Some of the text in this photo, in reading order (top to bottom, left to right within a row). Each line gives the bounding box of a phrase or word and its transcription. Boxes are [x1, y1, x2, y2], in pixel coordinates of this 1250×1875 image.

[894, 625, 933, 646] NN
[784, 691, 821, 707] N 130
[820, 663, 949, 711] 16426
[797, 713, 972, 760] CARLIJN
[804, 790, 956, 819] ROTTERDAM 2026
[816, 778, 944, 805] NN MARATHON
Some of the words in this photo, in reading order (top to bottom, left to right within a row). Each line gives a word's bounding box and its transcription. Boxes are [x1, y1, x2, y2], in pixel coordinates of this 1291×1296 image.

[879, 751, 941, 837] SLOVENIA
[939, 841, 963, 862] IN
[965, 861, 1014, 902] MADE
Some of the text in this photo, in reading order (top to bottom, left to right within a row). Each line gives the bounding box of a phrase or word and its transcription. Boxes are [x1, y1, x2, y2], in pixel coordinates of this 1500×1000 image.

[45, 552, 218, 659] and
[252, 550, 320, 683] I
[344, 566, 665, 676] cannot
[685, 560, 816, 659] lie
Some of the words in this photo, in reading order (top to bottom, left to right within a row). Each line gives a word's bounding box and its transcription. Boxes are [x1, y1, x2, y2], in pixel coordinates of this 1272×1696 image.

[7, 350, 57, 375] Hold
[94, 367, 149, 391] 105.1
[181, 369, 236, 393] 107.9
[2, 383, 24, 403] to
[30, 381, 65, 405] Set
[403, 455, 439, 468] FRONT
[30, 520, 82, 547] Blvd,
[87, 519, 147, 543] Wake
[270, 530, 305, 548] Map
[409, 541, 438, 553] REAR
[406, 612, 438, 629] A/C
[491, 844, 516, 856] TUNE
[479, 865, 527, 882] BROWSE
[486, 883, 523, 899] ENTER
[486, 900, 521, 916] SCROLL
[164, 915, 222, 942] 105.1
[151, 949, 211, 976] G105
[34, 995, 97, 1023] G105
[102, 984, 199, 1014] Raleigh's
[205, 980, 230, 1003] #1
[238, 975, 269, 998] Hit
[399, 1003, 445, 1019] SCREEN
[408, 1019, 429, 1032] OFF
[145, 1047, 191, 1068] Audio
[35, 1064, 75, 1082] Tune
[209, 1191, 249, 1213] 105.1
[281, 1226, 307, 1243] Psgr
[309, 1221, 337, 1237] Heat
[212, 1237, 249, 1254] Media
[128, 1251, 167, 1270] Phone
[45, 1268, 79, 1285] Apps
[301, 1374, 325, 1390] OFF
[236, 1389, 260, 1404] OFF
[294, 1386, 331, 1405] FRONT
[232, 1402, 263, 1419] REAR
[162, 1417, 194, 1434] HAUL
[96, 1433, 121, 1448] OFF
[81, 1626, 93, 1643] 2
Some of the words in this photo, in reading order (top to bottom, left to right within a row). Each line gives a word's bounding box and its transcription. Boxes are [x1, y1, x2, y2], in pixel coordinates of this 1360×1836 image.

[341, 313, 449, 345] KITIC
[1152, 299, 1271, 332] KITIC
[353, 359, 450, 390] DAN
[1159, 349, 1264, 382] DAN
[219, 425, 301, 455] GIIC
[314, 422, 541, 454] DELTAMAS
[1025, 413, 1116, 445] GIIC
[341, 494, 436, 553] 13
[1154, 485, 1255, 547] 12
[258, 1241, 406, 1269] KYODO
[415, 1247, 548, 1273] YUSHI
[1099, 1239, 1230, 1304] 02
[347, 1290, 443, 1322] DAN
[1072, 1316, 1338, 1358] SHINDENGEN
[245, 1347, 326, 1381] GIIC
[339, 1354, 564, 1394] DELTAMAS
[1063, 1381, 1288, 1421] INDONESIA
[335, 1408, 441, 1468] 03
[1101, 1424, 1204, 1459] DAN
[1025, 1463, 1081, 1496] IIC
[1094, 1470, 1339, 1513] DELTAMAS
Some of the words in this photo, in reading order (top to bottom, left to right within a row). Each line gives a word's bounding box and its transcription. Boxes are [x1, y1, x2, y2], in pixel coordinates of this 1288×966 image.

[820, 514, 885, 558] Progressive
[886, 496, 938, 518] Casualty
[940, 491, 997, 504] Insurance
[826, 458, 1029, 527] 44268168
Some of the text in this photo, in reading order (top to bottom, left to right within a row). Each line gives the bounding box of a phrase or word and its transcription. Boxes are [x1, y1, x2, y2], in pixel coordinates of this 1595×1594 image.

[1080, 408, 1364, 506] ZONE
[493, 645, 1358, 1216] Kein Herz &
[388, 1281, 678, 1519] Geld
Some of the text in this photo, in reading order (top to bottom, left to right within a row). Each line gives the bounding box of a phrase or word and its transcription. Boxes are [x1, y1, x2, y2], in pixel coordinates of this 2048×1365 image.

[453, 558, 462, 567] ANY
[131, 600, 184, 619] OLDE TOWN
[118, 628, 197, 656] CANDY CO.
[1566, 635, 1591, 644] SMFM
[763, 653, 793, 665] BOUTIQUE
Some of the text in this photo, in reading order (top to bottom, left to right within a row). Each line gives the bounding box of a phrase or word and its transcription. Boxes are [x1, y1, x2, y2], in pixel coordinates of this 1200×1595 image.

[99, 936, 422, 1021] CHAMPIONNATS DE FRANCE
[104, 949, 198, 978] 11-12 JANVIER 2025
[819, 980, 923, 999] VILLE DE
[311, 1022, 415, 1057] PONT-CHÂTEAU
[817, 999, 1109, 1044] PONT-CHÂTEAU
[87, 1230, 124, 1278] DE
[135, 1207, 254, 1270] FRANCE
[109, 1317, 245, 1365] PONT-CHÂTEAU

____________________

## Required work
Please restate the whole listing word for word.

## Your solution
Some of the text in this photo, in reading order (top to bottom, left to right within a row). Each line gives the bounding box of a phrase or word and its transcription. Boxes are [x1, y1, x2, y2], in pixel coordinates of this 1250×1875 image.

[894, 625, 933, 646] NN
[784, 691, 821, 707] N 130
[820, 663, 949, 711] 16426
[797, 713, 972, 760] CARLIJN
[804, 790, 956, 819] ROTTERDAM 2026
[816, 778, 944, 805] NN MARATHON
Some of the words in this photo, in reading order (top to bottom, left to right within a row). Each line gives a word's bounding box and its transcription. Boxes are [x1, y1, x2, y2], in pixel coordinates of this 1291×1296 image.

[879, 751, 941, 837] SLOVENIA
[939, 841, 963, 862] IN
[965, 861, 1014, 902] MADE
Some of the text in this photo, in reading order (top to bottom, left to right within a row). Each line gives the bounding box of a phrase or word and its transcription. Boxes are [x1, y1, x2, y2], in pixel coordinates of this 1500×1000 image.

[45, 552, 218, 659] and
[252, 550, 320, 683] I
[344, 566, 665, 676] cannot
[685, 560, 816, 659] lie
Some of the words in this photo, in reading order (top to bottom, left to right within a row). Each line gives a word's bounding box and its transcription. Boxes are [x1, y1, x2, y2], in pixel coordinates of this 1272×1696 image.

[7, 350, 57, 375] Hold
[94, 367, 149, 391] 105.1
[181, 369, 236, 393] 107.9
[2, 383, 24, 403] to
[30, 381, 65, 405] Set
[403, 455, 439, 468] FRONT
[30, 520, 82, 547] Blvd,
[87, 519, 147, 543] Wake
[270, 530, 305, 548] Map
[409, 541, 438, 553] REAR
[406, 612, 438, 629] A/C
[491, 844, 516, 856] TUNE
[479, 865, 527, 882] BROWSE
[486, 883, 523, 899] ENTER
[486, 900, 521, 916] SCROLL
[164, 915, 222, 942] 105.1
[151, 949, 211, 976] G105
[34, 995, 97, 1023] G105
[102, 984, 199, 1014] Raleigh's
[205, 980, 230, 1003] #1
[238, 975, 269, 998] Hit
[399, 1003, 445, 1019] SCREEN
[408, 1019, 429, 1032] OFF
[145, 1047, 191, 1068] Audio
[35, 1064, 75, 1082] Tune
[209, 1191, 249, 1213] 105.1
[281, 1226, 307, 1243] Psgr
[309, 1221, 337, 1237] Heat
[212, 1237, 249, 1254] Media
[128, 1251, 167, 1270] Phone
[45, 1268, 79, 1285] Apps
[301, 1374, 325, 1390] OFF
[236, 1389, 260, 1404] OFF
[294, 1386, 331, 1405] FRONT
[232, 1402, 263, 1419] REAR
[162, 1417, 194, 1434] HAUL
[96, 1433, 121, 1448] OFF
[81, 1626, 93, 1643] 2
Some of the words in this photo, in reading order (top to bottom, left to right within a row). Each line gives a word's bounding box and its transcription. Boxes are [x1, y1, x2, y2], in pixel coordinates of this 1360×1836 image.

[341, 313, 449, 345] KITIC
[1152, 299, 1271, 332] KITIC
[353, 359, 450, 390] DAN
[1159, 349, 1264, 382] DAN
[219, 425, 301, 455] GIIC
[314, 422, 541, 454] DELTAMAS
[1025, 413, 1116, 445] GIIC
[341, 494, 436, 553] 13
[1154, 485, 1255, 547] 12
[258, 1241, 406, 1269] KYODO
[415, 1247, 548, 1273] YUSHI
[1099, 1239, 1230, 1304] 02
[347, 1290, 443, 1322] DAN
[1072, 1316, 1338, 1358] SHINDENGEN
[245, 1347, 326, 1381] GIIC
[339, 1354, 564, 1394] DELTAMAS
[1063, 1381, 1288, 1421] INDONESIA
[335, 1408, 441, 1468] 03
[1101, 1424, 1204, 1459] DAN
[1025, 1463, 1081, 1496] IIC
[1094, 1470, 1339, 1513] DELTAMAS
Some of the words in this photo, in reading order (top to bottom, left to right within a row). Each line gives a word's bounding box and its transcription. Boxes are [x1, y1, x2, y2], in pixel coordinates of this 1288×966 image.

[820, 514, 885, 558] Progressive
[886, 496, 938, 518] Casualty
[940, 491, 997, 504] Insurance
[826, 458, 1029, 527] 44268168
Some of the text in this photo, in reading order (top to bottom, left to right within a row). Each line gives the bounding box of a phrase or word and its transcription. Boxes are [x1, y1, x2, y2], in pixel coordinates of this 1595×1594 image.

[1080, 408, 1364, 506] ZONE
[493, 645, 1358, 1216] Kein Herz &
[388, 1281, 678, 1519] Geld
Some of the text in this photo, in reading order (top to bottom, left to right within a row). Each line gives the bounding box of a phrase or word and its transcription. Boxes are [x1, y1, x2, y2], in pixel coordinates of this 2048×1365 image.

[453, 558, 462, 567] ANY
[131, 600, 184, 619] OLDE TOWN
[118, 628, 197, 656] CANDY CO.
[1566, 635, 1591, 644] SMFM
[763, 653, 793, 665] BOUTIQUE
Some of the text in this photo, in reading order (top to bottom, left to right within a row). Each line gives the bounding box of a phrase or word and its transcription. Boxes are [x1, y1, x2, y2], in pixel coordinates of this 1200×1595 image.

[99, 936, 422, 1021] CHAMPIONNATS DE FRANCE
[104, 949, 198, 978] 11-12 JANVIER 2025
[819, 980, 923, 999] VILLE DE
[311, 1022, 415, 1057] PONT-CHÂTEAU
[817, 999, 1109, 1044] PONT-CHÂTEAU
[87, 1230, 124, 1278] DE
[135, 1207, 254, 1270] FRANCE
[109, 1317, 245, 1365] PONT-CHÂTEAU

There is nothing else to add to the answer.